The week began in much the same manner as today’s market action, with bargain hunting and short covering and investors watching developments in the bailout talks in Greece, beginning with Prime Minister Alexis Tsipras sidelining Greek Finance Minister Yanis Varoufakis, a key player on the country’s negotiations team, and replacing him in the ongoing talks with Greek Minister of International Financial Relations, Euclid Tsakalotos, who will now direct the team. “Prime Minister Tsipras has announced a shuffling of his negotiating team, which includes a demotion of Varoufakis,” wrote Brown Brothers Harriman (BBH) analysts in a research note.
Investors took profits on Wednesday before the release of first quarter GDP numbers and the Fed's policy statement following the two day FOMC meeting.

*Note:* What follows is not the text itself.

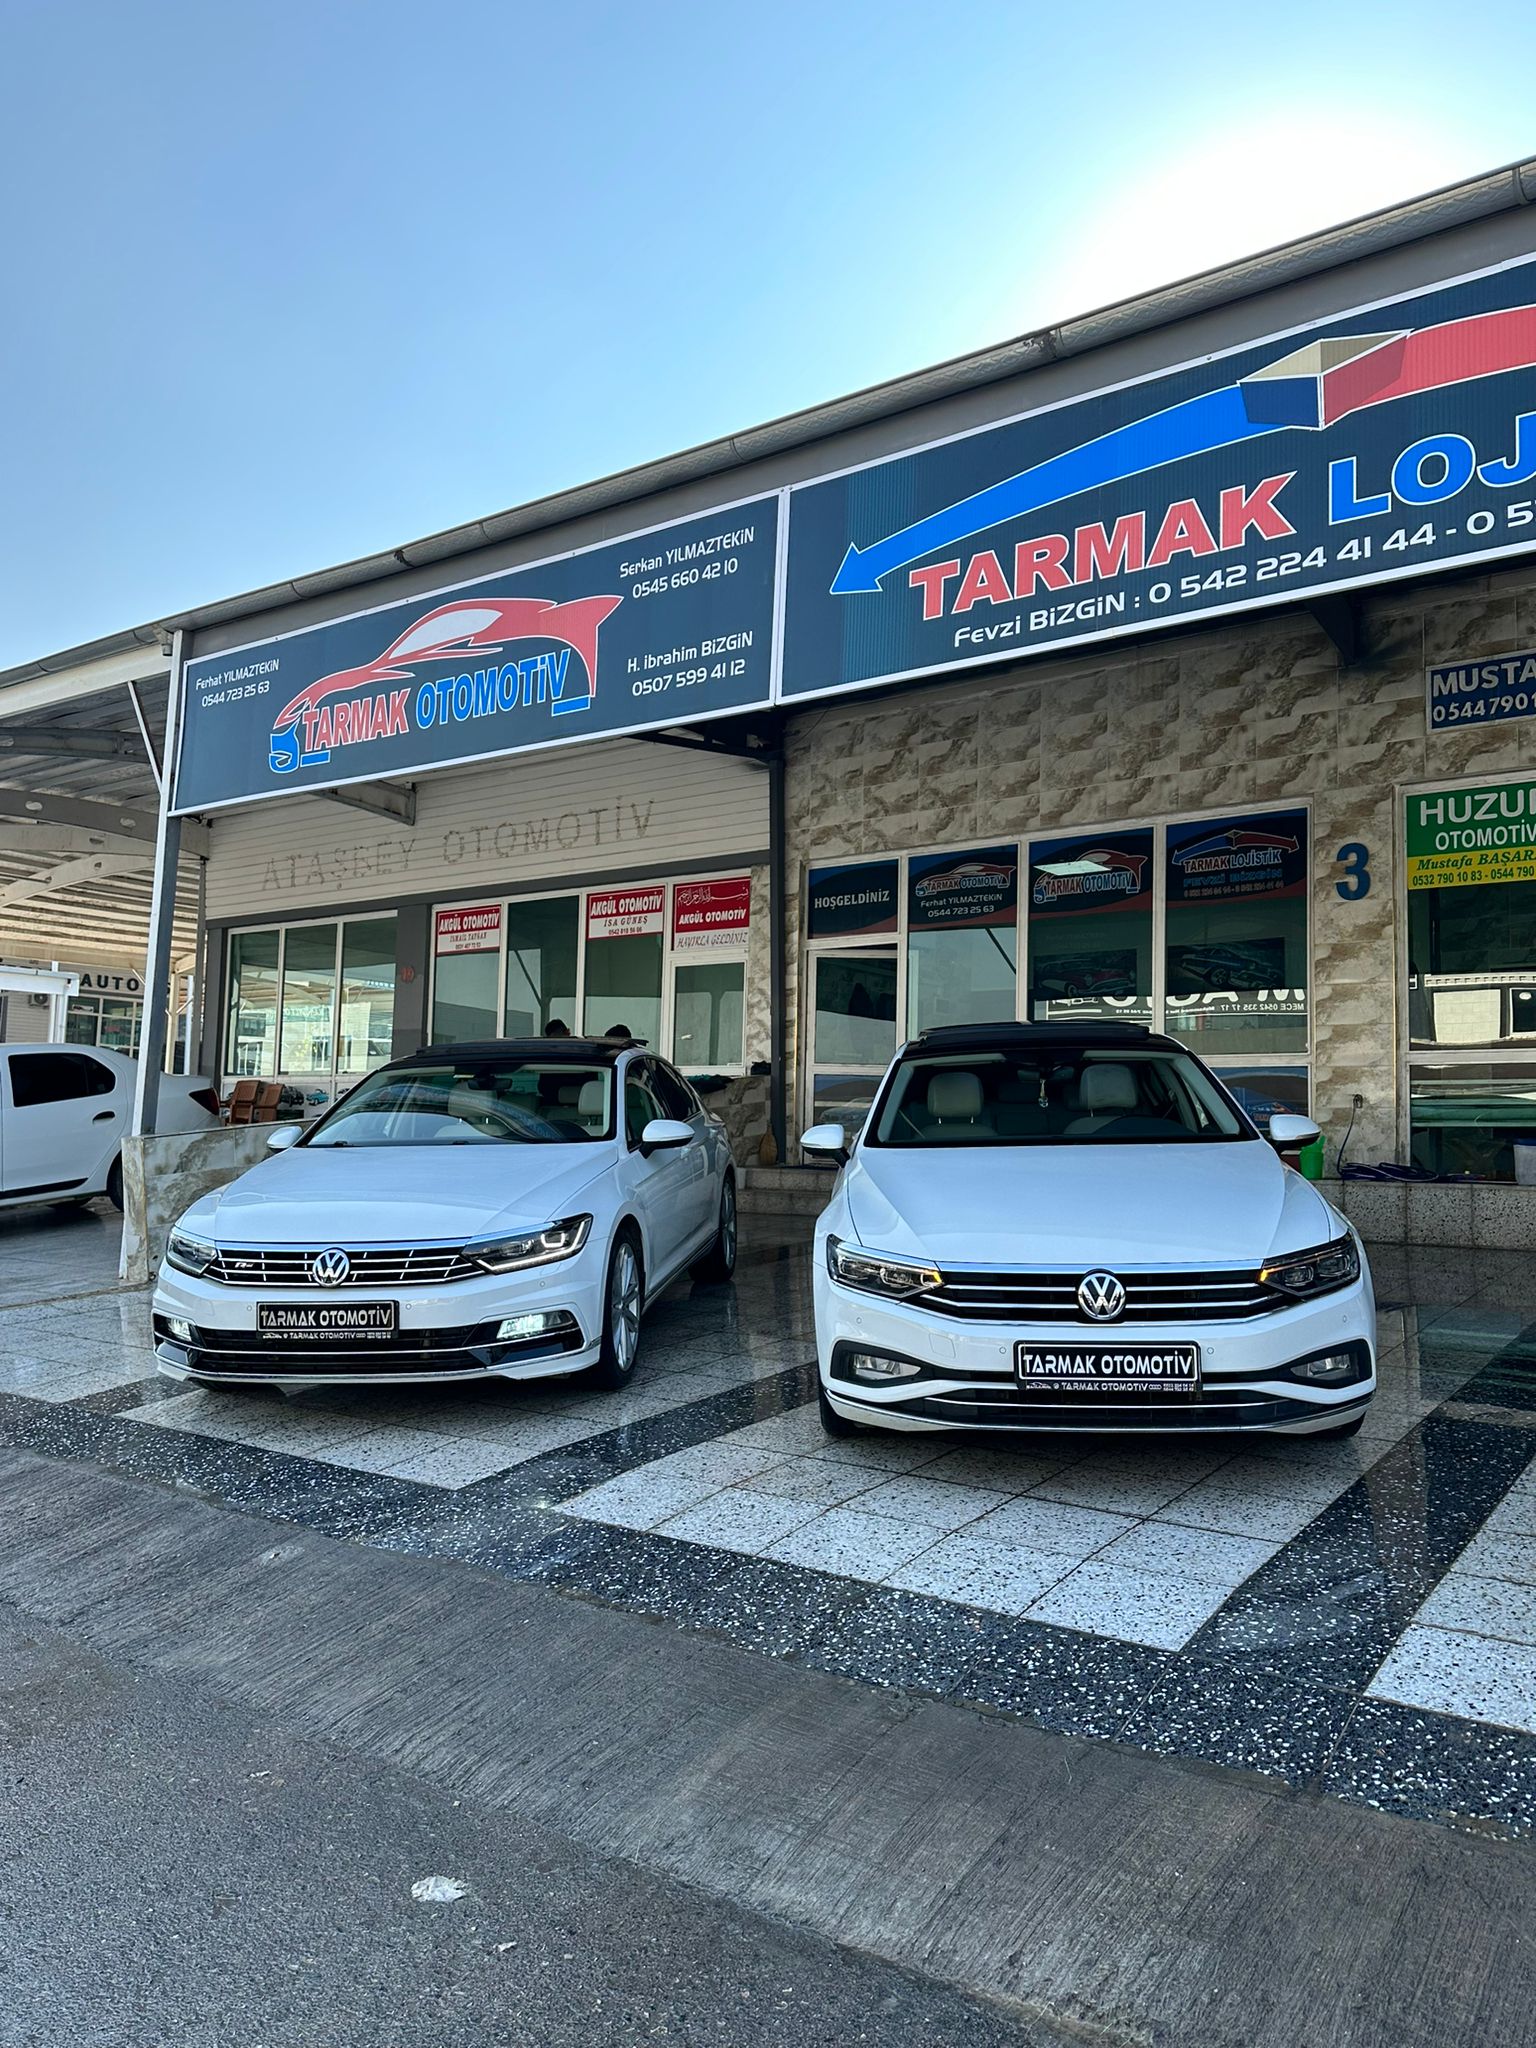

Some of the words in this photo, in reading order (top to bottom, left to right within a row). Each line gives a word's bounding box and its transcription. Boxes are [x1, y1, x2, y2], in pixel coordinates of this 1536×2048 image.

The dollar tumbled to a nine week low, after first quarter GDP results showed that the U.S. economy grew at a disappointing 0.2 percent, well below economists’ expectations of 1.0 percent, and while analysts were anticipating a dovish tone to the Fed's policy statement, it was received as more hawkish when policymakers left open the option for a rate hike in June.
The consensus among analysts, however, is that the Fed will keep rates low at least until September as the economy gains traction after hitting a recent weather related soft patch. The Gold price dipped sharply on Thursday following a lower than expected initial jobless claims number.
In Brussels, negotiations got under way between Greece and representatives from the other 18 euro zone nations, the European Union (EU) Commission, the European Central Bank (ECB), and the International Monetary Fund (IMF) to find a solution to the Greek debt problem. Greece’s new government, just three months old, and led by Prime Minister Alexis Tsipras, is offering its biggest concessions to date as it attempts to break the impasse in talks with its creditors.
Athens signaled late on Wednesday that it would be willing to sell a majority stake in two of its biggest ports and even concede on value added tax rates to show that it is ready to reach an accord. A new poll showed that more than 75 percent of Greek citizens believe Athens should make a deal at any cost to remain in the euro zone. Greece received some good news on Friday that should the troubled nation miss its payment to the IMF or the ECB most of the top credit rating agencies would not cut Greece’s credit rating to default.